Koi fish are often regarded as a symbol wealth and loyalty due to their gratefulness in the water and shiny coin like scales. These fish are not an easy fish to take care of either. With their high bioload from things like hand feeding and high fiber foods can easily clog filters. This means you need more space then you think you need for a Koi and this normally means going for a pond. Koi fish are often kept in pond but with the risk of birds, weather, and other animals often times tanks are best to keep them safe. Ponds are hands down the best way to keep a koi family since you can easily fill up to 10,000 gallons without going over 15k setup. When looking at Koi fish, they need a lot of room.
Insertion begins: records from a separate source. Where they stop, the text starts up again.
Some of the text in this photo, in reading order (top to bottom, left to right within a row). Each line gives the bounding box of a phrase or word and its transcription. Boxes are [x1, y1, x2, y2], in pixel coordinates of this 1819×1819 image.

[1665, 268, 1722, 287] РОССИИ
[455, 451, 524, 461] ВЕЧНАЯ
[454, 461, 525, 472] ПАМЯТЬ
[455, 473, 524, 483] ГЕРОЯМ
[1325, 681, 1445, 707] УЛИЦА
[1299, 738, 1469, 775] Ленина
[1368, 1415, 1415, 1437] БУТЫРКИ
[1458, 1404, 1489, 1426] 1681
Often you need about 250 gallon per fish, so just for two koi you're looking at 500 gallons!
Ponds are often better due to price, but when it comes to taking care of your beloved koi a tank keeps them much safer. From wildlife to hot weather the outsides may not be the best place for your $1000 japanese Koi fish. To keep their cold blooded animals safe you're looking for at least 3 feet in depth with some tarp you can cover the pond with. During winter times the pond may freeze fully if it is not deep enough.
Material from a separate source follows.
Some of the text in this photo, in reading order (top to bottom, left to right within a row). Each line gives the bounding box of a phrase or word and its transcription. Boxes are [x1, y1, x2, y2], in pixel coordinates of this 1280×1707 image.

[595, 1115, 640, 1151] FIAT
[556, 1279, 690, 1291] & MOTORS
Often times you hear a myth that Koi fish grow to the size of their tank and do not jump but this is farther from the truth. A lot of store bought Koi do not exceed 12" so this is where the myth comes in when kept in a small tank. The fish grow based on their genetics and lineage and you should not expect a 3 footer from the pet store. Not only this but the other factor includes the health, food quality, temperature, overcrowding, & stress on the fish. Overall if you're looking for a healthy koi that you plan on keeping right then get it from a proper breeder and not a petstore. Trust us that extra hundred bucks will give you the peace of mind your fish won't pass away within a year.
Above is an 2400 Gallon Arowana tank so how big of an aquarium do you need for a Koi? Well the answer can vary on how big the fish is, but a good reference is around 500 gallons per fish. Before you run out, this is for a fully grown 24-30 inch Koi fish. A tank setup this size would run you between 8.5k and 14k for a full setup with sump, stand and everything else. A 500 gallon tank is no joke, from maintenance to running but to keep a Koi the right way this is the only way! To keep an average 12" Koi, you're looking closer to 250 gallons which is close to 4k and around 7k for a full setup.
Yep I hate seeing those articles saying you can keep your koi in anything less than 400 gallons. These things need space, I plan on building a 5000 gallon pond 4 feet deep.